HRビジョンが運営する人事関連のポータルサイト「日本の人事部」では、正会員を対象に行なった人事実態調査の結果をまとめた「日本の人事部 人事白書2023」を発刊。本稿では、その一部を抜粋してお伝えしていく。
調査では、人的資本経営やウェルビーイング、採用や育成、評価など人・組織に関わるテーマを網羅。
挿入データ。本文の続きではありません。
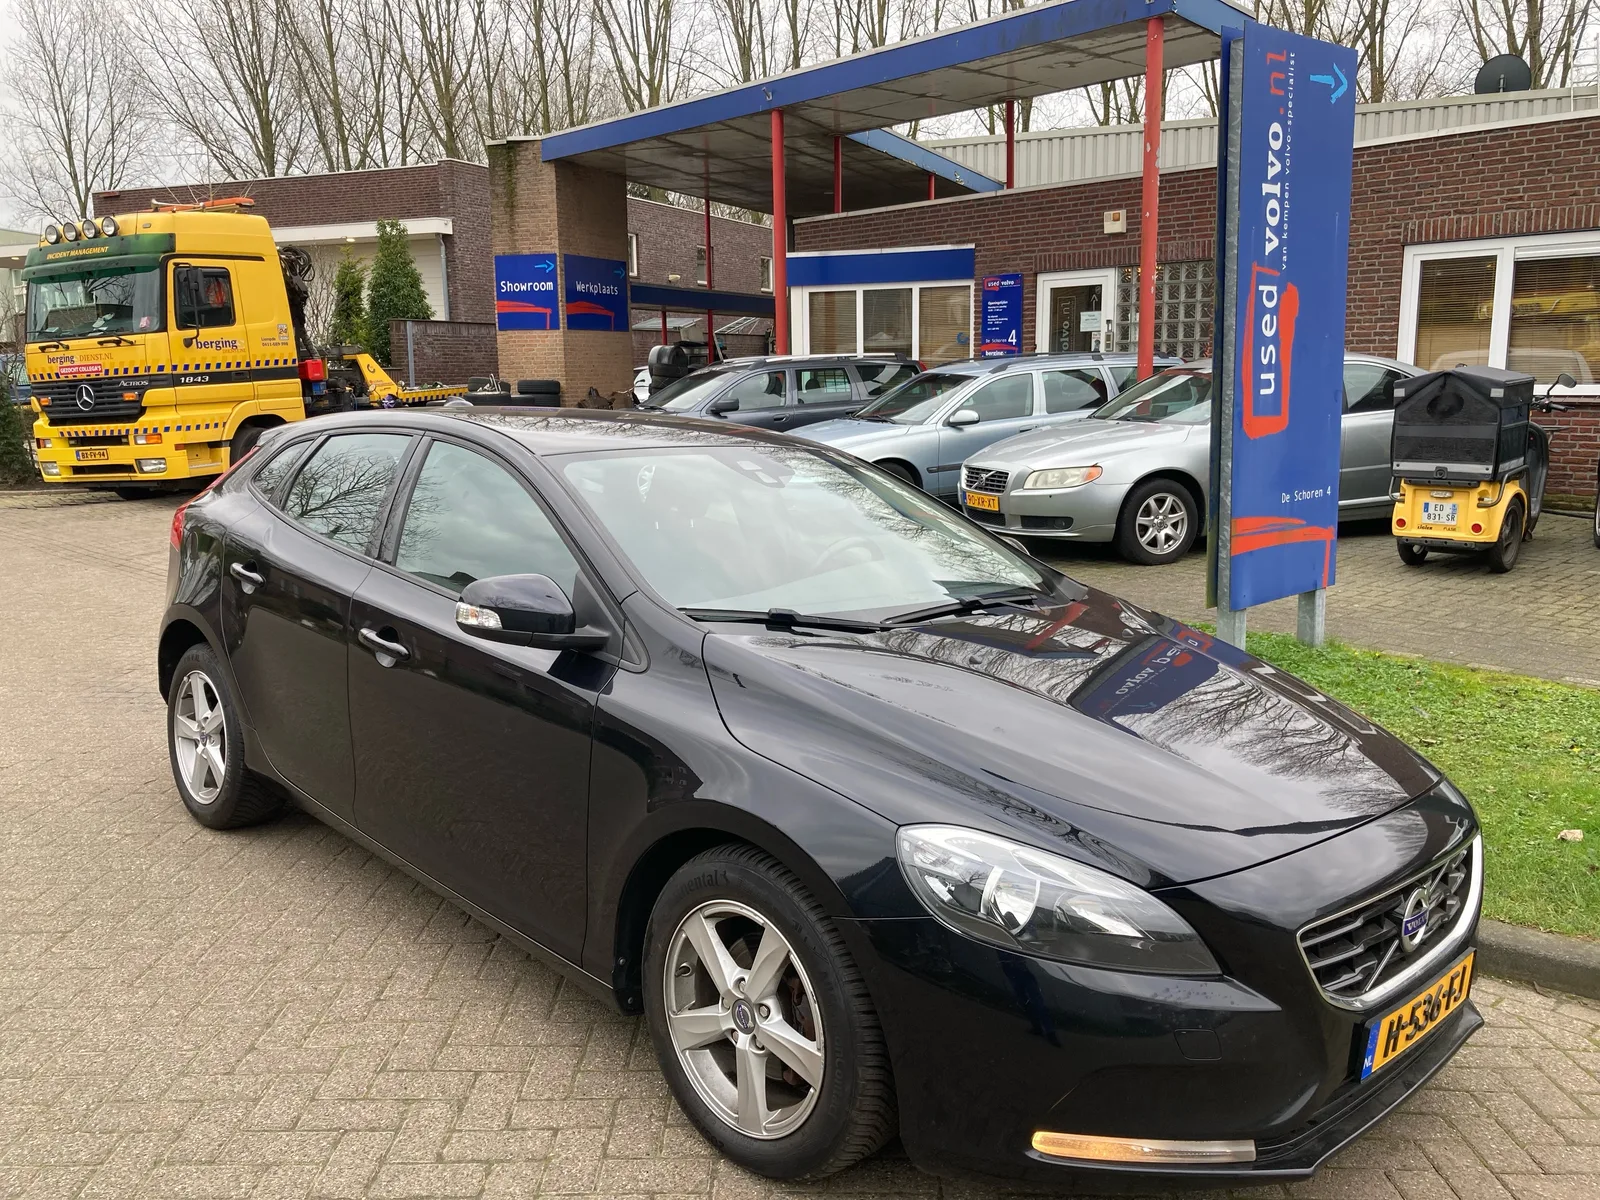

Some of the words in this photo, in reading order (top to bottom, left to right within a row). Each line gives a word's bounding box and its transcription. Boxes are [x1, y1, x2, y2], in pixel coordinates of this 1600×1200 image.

[1284, 51, 1296, 175] volvo-specialist
[1262, 50, 1287, 256] volvo.nl
[1282, 182, 1290, 240] kempen
[46, 250, 70, 260] INCIDENT
[70, 246, 109, 257] MANAGEMENT
[500, 280, 554, 293] Showroom
[575, 280, 619, 296] Werkplaats
[1060, 301, 1070, 352] olvo.nl
[196, 337, 238, 351] berging
[1008, 330, 1017, 345] 4
[1258, 284, 1278, 396] used
[47, 353, 75, 365] berging
[79, 353, 114, 362] DIENST.NL
[60, 366, 79, 374] GEZOCHT
[180, 375, 209, 384] 1843
[967, 494, 996, 509] 90-XR-XT
[1281, 493, 1291, 504] De
[1294, 488, 1324, 502] Schoren
[1326, 486, 1331, 496] 4
[1383, 964, 1467, 1058] H-536-FJ
[1362, 1057, 1373, 1071] NL
延べ6504社の回答データから、全国の企業人事が抱える課題や、戦略・施策の現状を分析している。
人的資本の情報開示に取り組んでいる企業は1割以下
人的資本の情報開示に関する取り組み状況を聞いたところ、結果は、「取り組んでいる」(8.7%)、「取り組むために準備している」(21.7%)、「取り組むことを検討している」(19.0%)、「取り組む予定はない」(30.0%)となった。
近年、企業経営における人的資本の重要性が指摘されているが、情報開示への取り組みはあまり進んでいるとはいえない状況だ。
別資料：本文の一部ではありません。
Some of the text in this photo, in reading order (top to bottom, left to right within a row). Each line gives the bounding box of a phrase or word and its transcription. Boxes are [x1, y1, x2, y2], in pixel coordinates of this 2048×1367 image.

CHRO(最高人事責任者)がいる企業は約2割、5001人以上の企業では約半数で設置
2022年度は「CHRO(もしくは人事担当役員)」がいるかどうかをたずねて、「いる」との回答は35.1%だった。
今年度は「CHRO」に限定したところ、「いる」は21.1%にとどまった。最高人事責任者という、より狭義なものにしたことで、割合が低くなっている。
採用力強化へ4割の企業が「報酬の改定」「長時間労働の是正」を実施
採用力強化のために実施していることや予定していることを聞いた。最も多かったのは「人材教育の拡充」(57.0%)で、半数以上の企業が実施または予定していた。
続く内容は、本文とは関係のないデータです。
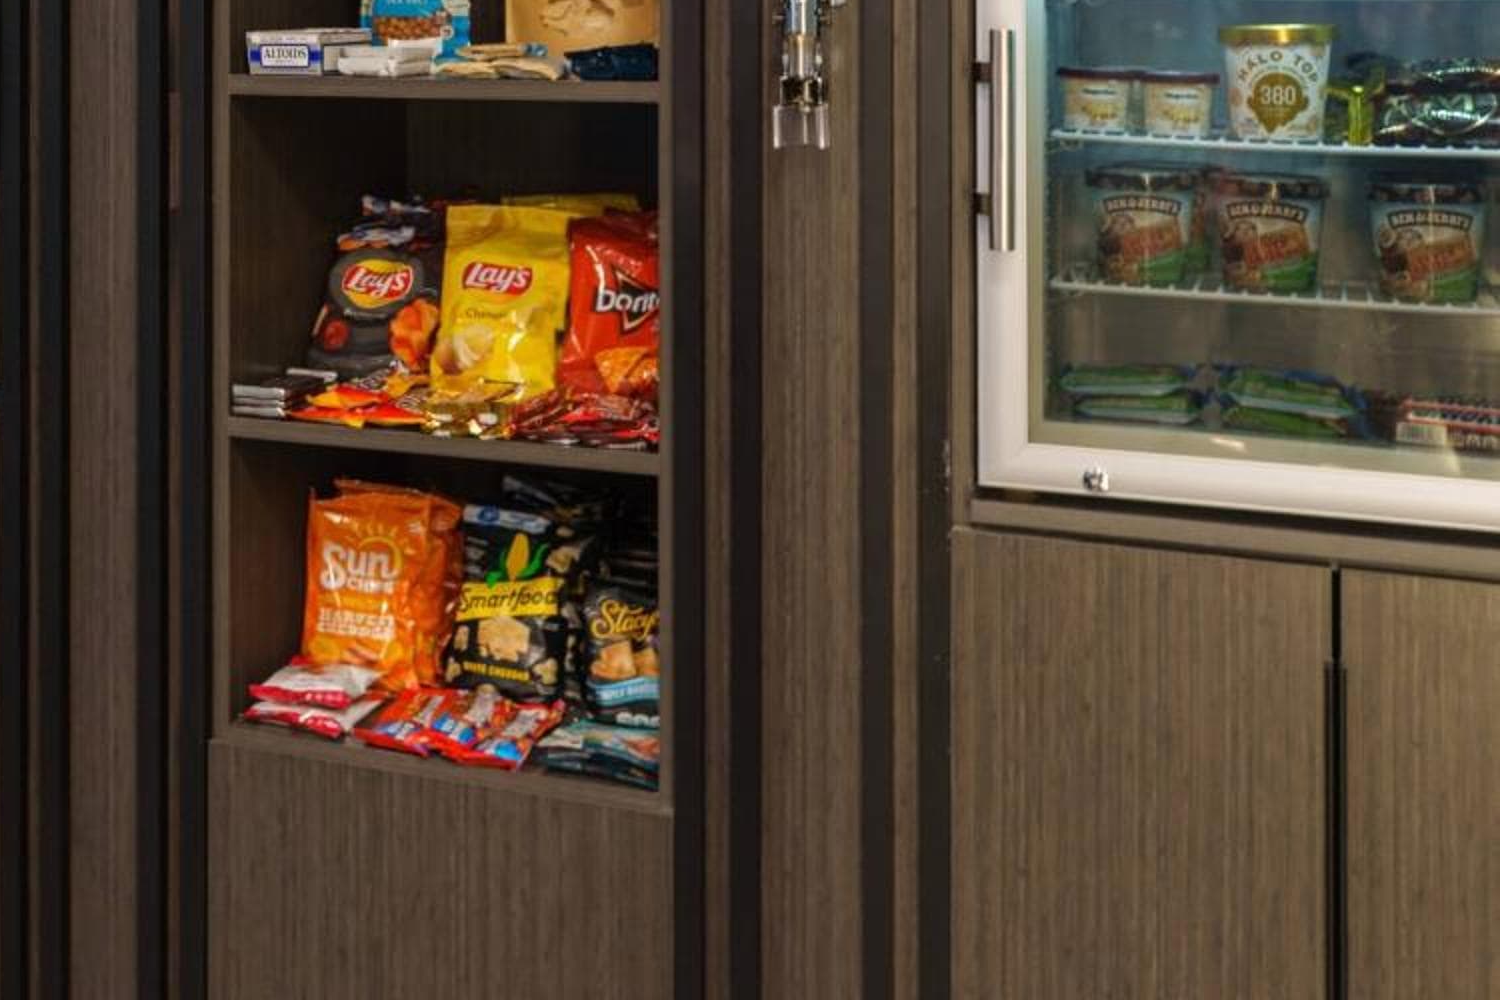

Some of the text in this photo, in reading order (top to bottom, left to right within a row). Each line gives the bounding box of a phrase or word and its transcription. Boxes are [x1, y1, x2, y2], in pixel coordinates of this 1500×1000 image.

[263, 47, 307, 60] ALTOIDS
[1260, 84, 1296, 105] 380
[345, 266, 408, 297] Lay's
[465, 262, 531, 293] Lay's
[320, 541, 401, 591] Sun
働く環境の整備については「長時間労働の是正」(45.8%)を選択した企業が多く見受けられた。
最近注目されている「報酬の改定」は38.2%と、約4割の企業が実施または予定している。
女性管理職を増やす取り組みは「特に行なっていない」企業が約4割
女性管理職の割合を増やすために、どのような施策を行っているのかを聞いた。最も多かったのは「特に取り組みは行っていない」で、39.5%だった。
取り組みを行なっている企業では、「労働時間や勤務場所を柔軟に選べる制度(フレックス、リモートワークなど)の導入・拡充」(31.1%)、「女性活躍の目標値や達成時期の明確化」(25.3%)が挙げられている。
調査概要
調査時期/2023年3月6日~3月31日
調査対象/『日本の人事部』正会員
調査方法/Webサイト『日本の人事部』にて回答受付
回答数/のべ6504社、6797人
回答者属性/企業の人事担当者・経営者
質問数/168問
テーマ/1. 戦略人事/2. 採用/3. 育成/4. 制度・評価・賃金/5. ダイバーシティ&インクルージョン/6. 働きやすさ・働きがい/7. 組織開発/8. 注目の人事課題(人的資本の情報開示、ウェルビーイング、Employee Experience、兼業・副業)
冊子概要
編者/日本の人事部』編集部
判型/A4判
ページ数/350ページ
定価/データ版:1万1000円(税込)、製本版/1万1000円(税込)、データ・製本版セット/1万3200円(税込)
※データ版と製本版の掲載内容は同じです。